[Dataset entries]
Segment Open

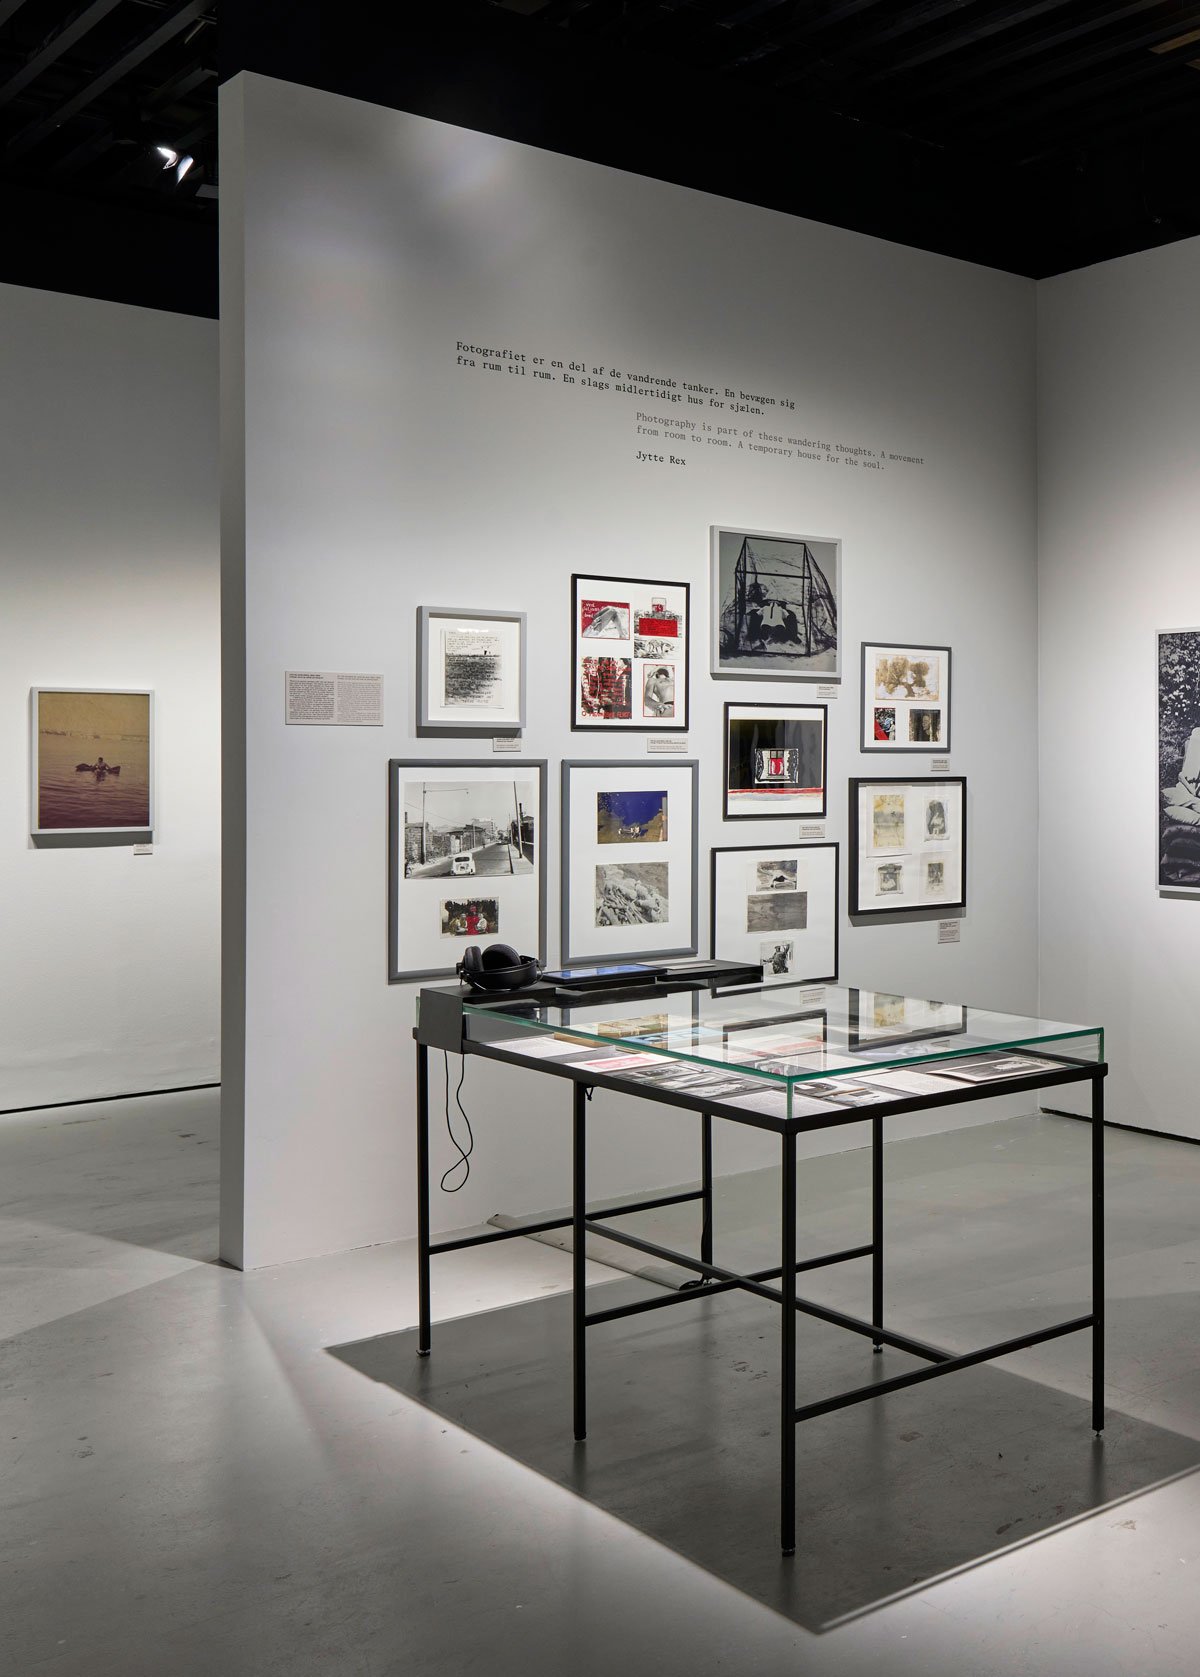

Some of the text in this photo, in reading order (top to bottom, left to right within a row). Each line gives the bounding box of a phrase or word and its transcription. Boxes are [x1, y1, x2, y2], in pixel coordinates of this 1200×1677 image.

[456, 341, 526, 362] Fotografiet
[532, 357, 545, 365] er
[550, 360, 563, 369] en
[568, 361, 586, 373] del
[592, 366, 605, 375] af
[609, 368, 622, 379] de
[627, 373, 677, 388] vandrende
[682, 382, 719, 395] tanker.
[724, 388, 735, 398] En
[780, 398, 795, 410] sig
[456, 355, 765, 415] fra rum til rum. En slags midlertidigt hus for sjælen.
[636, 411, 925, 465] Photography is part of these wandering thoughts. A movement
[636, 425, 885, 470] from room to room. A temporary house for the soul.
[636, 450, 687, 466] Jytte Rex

Segment Closed

[Directions] Each entry is to be given again exactly as it stands, with its pictures removed.

[Result of the task]
Some of the text in this photo, in reading order (top to bottom, left to right within a row). Each line gives the bounding box of a phrase or word and its transcription. Boxes are [x1, y1, x2, y2], in pixel coordinates of this 1200×1677 image.

[456, 341, 526, 362] Fotografiet
[532, 357, 545, 365] er
[550, 360, 563, 369] en
[568, 361, 586, 373] del
[592, 366, 605, 375] af
[609, 368, 622, 379] de
[627, 373, 677, 388] vandrende
[682, 382, 719, 395] tanker.
[724, 388, 735, 398] En
[780, 398, 795, 410] sig
[456, 355, 765, 415] fra rum til rum. En slags midlertidigt hus for sjælen.
[636, 411, 925, 465] Photography is part of these wandering thoughts. A movement
[636, 425, 885, 470] from room to room. A temporary house for the soul.
[636, 450, 687, 466] Jytte Rex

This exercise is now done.